I believe it's Michael Palmer that takes the weaker hives and splits them down to nucs. You could take some resources from your strong to help try and manage swarming, but them to make your crop.


----------



## BigBlackBirds (Aug 26, 2011)

if you really want to find one, sakhoney is right, run em thru an excluder. and then they won't be on the last frame but on the inside wall of the box or on the cover!!!!!!!

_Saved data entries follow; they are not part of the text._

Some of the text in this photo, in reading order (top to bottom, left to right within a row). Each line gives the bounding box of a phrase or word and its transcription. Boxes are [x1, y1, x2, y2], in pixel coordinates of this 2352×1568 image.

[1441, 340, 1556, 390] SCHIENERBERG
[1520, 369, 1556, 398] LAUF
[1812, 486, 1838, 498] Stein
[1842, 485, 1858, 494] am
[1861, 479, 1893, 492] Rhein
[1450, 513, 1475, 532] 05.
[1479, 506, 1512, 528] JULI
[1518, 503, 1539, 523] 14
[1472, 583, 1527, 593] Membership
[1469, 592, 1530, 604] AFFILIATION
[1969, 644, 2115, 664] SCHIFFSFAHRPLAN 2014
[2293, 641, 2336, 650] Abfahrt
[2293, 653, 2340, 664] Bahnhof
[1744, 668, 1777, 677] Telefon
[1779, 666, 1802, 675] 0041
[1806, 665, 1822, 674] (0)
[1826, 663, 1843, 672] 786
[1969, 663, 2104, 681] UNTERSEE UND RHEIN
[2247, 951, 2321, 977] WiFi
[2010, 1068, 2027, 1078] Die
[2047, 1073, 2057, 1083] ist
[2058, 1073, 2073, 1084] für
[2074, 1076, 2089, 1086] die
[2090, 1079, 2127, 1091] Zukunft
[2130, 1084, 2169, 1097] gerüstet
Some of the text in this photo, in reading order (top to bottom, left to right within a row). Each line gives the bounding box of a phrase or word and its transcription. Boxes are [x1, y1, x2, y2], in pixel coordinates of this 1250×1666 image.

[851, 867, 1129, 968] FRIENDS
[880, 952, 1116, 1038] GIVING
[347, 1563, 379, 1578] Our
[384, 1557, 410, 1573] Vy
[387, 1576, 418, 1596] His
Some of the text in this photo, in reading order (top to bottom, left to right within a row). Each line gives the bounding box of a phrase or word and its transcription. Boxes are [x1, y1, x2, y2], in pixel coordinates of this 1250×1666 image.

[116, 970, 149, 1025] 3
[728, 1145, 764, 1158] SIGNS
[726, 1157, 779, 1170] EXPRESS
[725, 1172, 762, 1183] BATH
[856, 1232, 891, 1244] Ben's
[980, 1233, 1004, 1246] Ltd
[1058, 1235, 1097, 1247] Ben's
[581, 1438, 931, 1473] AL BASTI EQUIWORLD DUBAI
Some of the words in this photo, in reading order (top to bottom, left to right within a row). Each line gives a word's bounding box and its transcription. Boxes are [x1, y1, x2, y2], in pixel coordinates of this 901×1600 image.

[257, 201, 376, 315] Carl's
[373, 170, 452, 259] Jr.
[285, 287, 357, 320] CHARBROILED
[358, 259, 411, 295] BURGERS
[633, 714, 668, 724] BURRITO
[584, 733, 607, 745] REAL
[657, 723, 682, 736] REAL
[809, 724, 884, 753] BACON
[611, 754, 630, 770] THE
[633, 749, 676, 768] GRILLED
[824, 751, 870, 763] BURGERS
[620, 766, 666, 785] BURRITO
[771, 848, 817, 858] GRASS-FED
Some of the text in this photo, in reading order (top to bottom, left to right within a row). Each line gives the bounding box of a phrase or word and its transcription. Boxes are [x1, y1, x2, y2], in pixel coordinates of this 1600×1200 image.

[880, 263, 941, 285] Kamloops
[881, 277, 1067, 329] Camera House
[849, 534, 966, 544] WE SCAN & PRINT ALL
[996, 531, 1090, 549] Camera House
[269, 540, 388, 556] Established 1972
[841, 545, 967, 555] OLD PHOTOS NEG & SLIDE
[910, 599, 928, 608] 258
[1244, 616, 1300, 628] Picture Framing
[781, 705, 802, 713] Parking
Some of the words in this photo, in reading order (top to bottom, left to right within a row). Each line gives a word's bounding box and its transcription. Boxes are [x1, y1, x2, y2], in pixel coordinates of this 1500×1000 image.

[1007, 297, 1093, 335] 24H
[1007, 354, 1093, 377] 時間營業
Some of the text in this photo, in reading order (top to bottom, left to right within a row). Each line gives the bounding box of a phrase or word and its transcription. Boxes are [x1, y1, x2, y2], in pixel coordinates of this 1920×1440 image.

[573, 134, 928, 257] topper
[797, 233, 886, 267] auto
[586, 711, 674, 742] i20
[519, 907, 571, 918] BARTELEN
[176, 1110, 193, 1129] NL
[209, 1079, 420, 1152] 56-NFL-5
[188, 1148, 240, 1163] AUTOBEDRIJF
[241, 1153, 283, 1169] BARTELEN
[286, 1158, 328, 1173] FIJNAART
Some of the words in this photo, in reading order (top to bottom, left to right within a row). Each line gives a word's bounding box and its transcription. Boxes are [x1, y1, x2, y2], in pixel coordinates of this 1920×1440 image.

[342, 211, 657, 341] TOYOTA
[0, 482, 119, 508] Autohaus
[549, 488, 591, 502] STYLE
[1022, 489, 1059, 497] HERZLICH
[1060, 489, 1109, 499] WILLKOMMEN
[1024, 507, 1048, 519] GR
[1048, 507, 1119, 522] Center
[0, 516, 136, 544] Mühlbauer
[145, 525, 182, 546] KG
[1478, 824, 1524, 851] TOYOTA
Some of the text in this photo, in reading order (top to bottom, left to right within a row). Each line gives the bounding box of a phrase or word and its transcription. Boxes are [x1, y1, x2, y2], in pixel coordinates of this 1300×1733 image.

only time i really use this method is when i can't find a potential breeder any other way or when i need to set up a starter/finisher and want to ensure it is queenless. otherwise if i'm just making nucs I'm either tearing hive right down and could careless where the queen is located or i'm pulling frames above the excluder and taking care of it that way


----------



## sakhoney (Apr 3, 2016)

Blackbirds - Thats what I'm talking about - I split the same way - I don't care where she ends up - Also late in the season - I been known to just make whole box splits. Last year I didn't pull honey - so splitting time most hives had 3 or 4 boxes of brood - Check the box - its got eggs - slap a bottom and a top on it and move it
Medium or deep - didn't matter


----------



## jcolon (Sep 12, 2014)

I find Queens no problems... just don't want to ruin my crop...


----------



## sakhoney (Apr 3, 2016)

ok - 1 hive unsplit - makes a 100 lbs of honey
Same hive split 4 ways and each make 75 lbs of honey each - I don't see the crop being ruined


----------



## jcolon (Sep 12, 2014)

Wish the math was that easy. Splitting now, takes 4 weeks for a laying queen. And i dont know if all the honey drying up will be consumed instead, and come july/august i find myself with nothing for me.


----------



## COAL REAPER (Jun 24, 2014)

jcolon said:


> I find Queens no problems... just don't want to ruin my crop...


your crop is in the supers already


----------



## sakhoney (Apr 3, 2016)

J - nothing for you? Except the new hives in the yard - sell 2 - go to store and buy enough honey to last for years


----------